§ THE TASK: Starting from the first line below, repeat the data exactly through to the last.

§ GIVEN RECORDS:
^^^^

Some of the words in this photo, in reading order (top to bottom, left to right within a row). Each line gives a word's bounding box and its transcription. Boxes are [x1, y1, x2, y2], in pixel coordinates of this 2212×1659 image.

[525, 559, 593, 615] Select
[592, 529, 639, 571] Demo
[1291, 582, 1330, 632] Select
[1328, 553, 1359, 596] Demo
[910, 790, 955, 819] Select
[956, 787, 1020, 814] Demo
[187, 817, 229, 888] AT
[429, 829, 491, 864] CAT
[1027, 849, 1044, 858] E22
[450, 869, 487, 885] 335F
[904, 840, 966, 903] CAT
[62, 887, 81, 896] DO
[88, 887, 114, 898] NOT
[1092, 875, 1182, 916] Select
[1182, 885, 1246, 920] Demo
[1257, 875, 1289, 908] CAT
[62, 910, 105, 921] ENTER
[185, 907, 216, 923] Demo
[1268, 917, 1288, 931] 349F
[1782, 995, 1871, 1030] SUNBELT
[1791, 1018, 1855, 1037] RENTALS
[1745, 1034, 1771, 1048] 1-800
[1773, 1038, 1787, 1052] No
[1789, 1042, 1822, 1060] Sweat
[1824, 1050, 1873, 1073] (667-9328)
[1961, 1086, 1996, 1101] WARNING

^^^^

§ RESPONSE:
Some of the words in this photo, in reading order (top to bottom, left to right within a row). Each line gives a word's bounding box and its transcription. Boxes are [x1, y1, x2, y2], in pixel coordinates of this 2212×1659 image.

[525, 559, 593, 615] Select
[592, 529, 639, 571] Demo
[1291, 582, 1330, 632] Select
[1328, 553, 1359, 596] Demo
[910, 790, 955, 819] Select
[956, 787, 1020, 814] Demo
[187, 817, 229, 888] AT
[429, 829, 491, 864] CAT
[1027, 849, 1044, 858] E22
[450, 869, 487, 885] 335F
[904, 840, 966, 903] CAT
[62, 887, 81, 896] DO
[88, 887, 114, 898] NOT
[1092, 875, 1182, 916] Select
[1182, 885, 1246, 920] Demo
[1257, 875, 1289, 908] CAT
[62, 910, 105, 921] ENTER
[185, 907, 216, 923] Demo
[1268, 917, 1288, 931] 349F
[1782, 995, 1871, 1030] SUNBELT
[1791, 1018, 1855, 1037] RENTALS
[1745, 1034, 1771, 1048] 1-800
[1773, 1038, 1787, 1052] No
[1789, 1042, 1822, 1060] Sweat
[1824, 1050, 1873, 1073] (667-9328)
[1961, 1086, 1996, 1101] WARNING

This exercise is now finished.